Aviso para navegantes

No soy muy amante de los pronósticos, y menos en cuanto a los galardones de un festival, donde nunca se sabe cuál será el criterio (o a veces capricho) del jurado. Sin embargo, y a falta aún de varios de días de competición, me permito hacer una apuesta al ganador de este certamen: The Yellow Sea.

Se albergaban serias dudas sobre si el director Na Hong-jin podría repetir un film al mismo nivel que The Chaser (2008), su primera y aclamada obra. Después de los intensos 140' de metraje del que consta su segunda película se puede afirmar con rotundidad que estamos ante uno de los thrillers más memorables de los últimos tiempos. El director surcoreano usa su cámara como un preciso instrumento quirúrgico para mostrar las realidades sociales más oscuras de la Corea contemporánea para, a continuación, convertir ese bisturí en un martillo inmisericorde con el que hará explotar la trama en una espiral interminable de violencia, luchas y persecuciones cuyo mayor mérito no está en la precisión con la que se han rodado sino que a pesar de la acción constante nunca se deja de lado el factor humano, la descripción y la inmersión psicológica en unos personajes oscuros y corruptos.

Por otro lado he tenido la ocasión de establecer un diálogo informal con el director de Hell, Tim Helbaum, que nos ha comentado sus impresiones sobre el festival, todas ellas positivas, amén de escuchar de forma amable y contestar algunas cuestiones sobre su película. Por otro lado también ha valorado positivamente alguna película que ha visto en el festival, como Another Earth; aquí he discrepado con él, por lo que se ha prestado a entrar en pequeño debate sobre los pros y contras del citado título.

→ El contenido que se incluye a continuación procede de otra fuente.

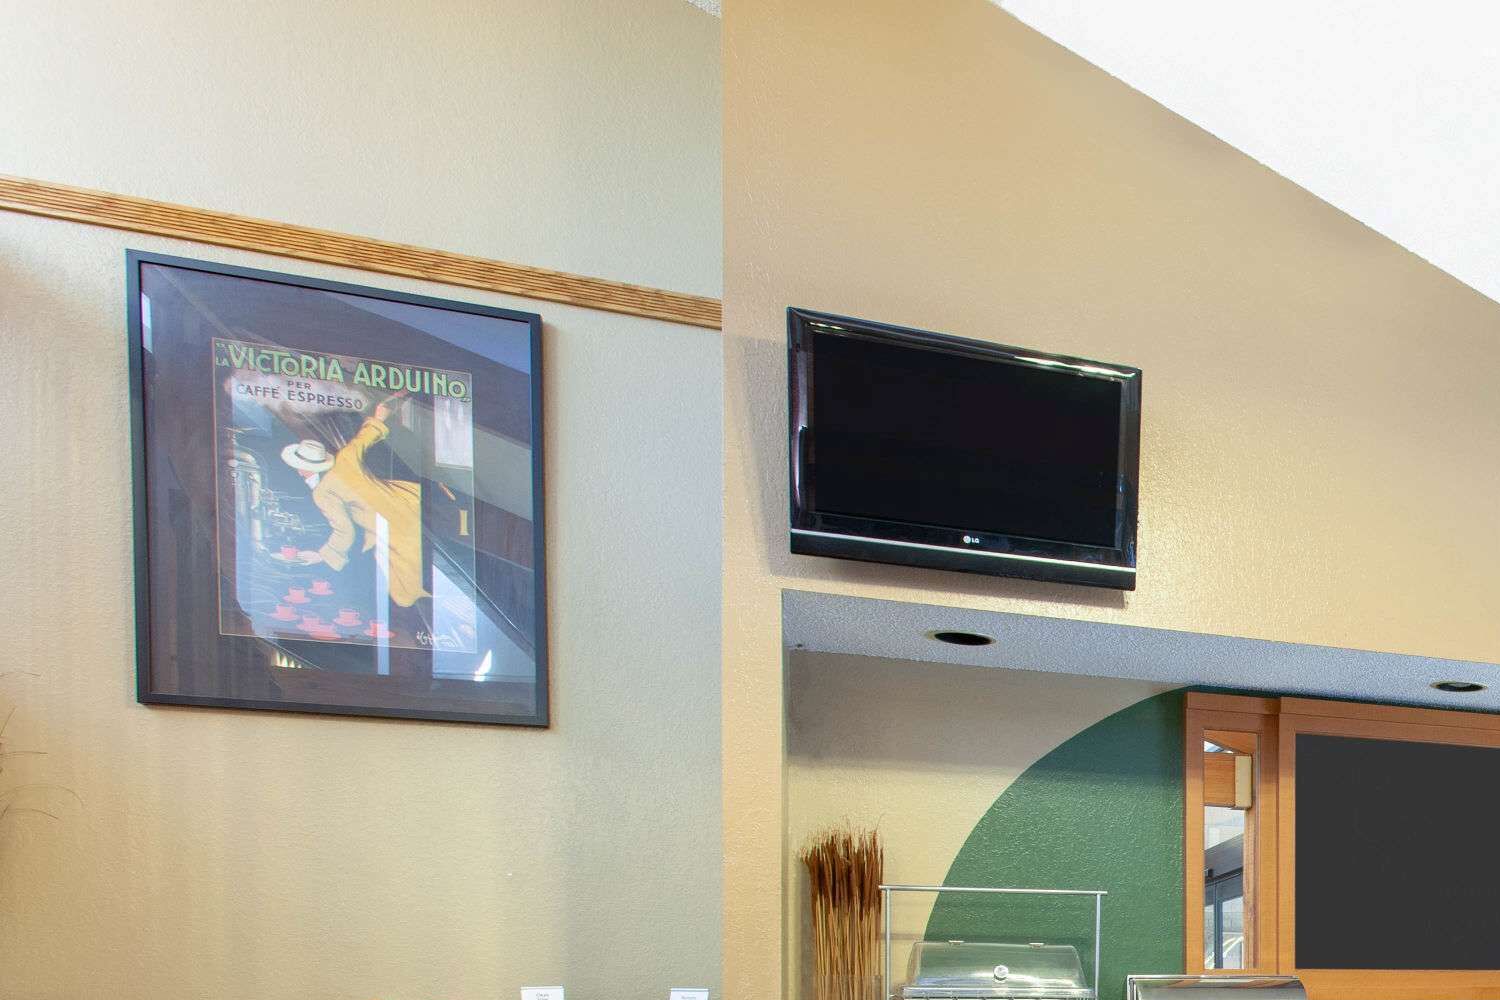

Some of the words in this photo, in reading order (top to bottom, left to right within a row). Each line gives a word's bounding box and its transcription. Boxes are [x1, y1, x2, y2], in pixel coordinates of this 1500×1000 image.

[228, 344, 345, 384] VICTORIA
[287, 380, 312, 391] PER
[287, 390, 364, 411] ESPRESSO

Volviendo a lo estrictamente cinematográfico dos son las otras propuestas del día. Por un lado Mirages, del director marroquí Talal Selhami que, a través del marco de un proceso de selección para un trabajo, muy en la línea de El Método (Marcelo Piñeyro, 2005), desmenuza las contradicciones de una sociedad marroquí en plena modernización pero que aún arrastra lastre en forma de costumbres y usos de tiempos pretéritos. Un film interesante en cuanto a la habilidad para sugerir en vez de mostrar explícitamente y que es capaz de, mediante su inconclusivo desenlace, abrir una ventana al debate posterior.

Por otro lado, parece que no hay día sin “película horror” y no nos referimos precisamente al género que aborda el festival sino a la calidad de la propuesta. Con The Sorcerer and the White Snake de Tony Ching entramos de lleno en el terreno de la fantasía kitsch, en un mundo que parece sacado de la mente de un Tsui Hark pasado de LSD o de los creadores de cualquier anuncio de champú con aromas de la selva tropical. Auténtico recital de despropósitos en una historia de amor que chorrea almíbar por los cuatro costados al tiempo que carece, por supuesto, de cualquier atisbo de coherencia interna en su narración. Un film solo para los muy fans de un Jet Li muy avejentado y poco más a resaltar.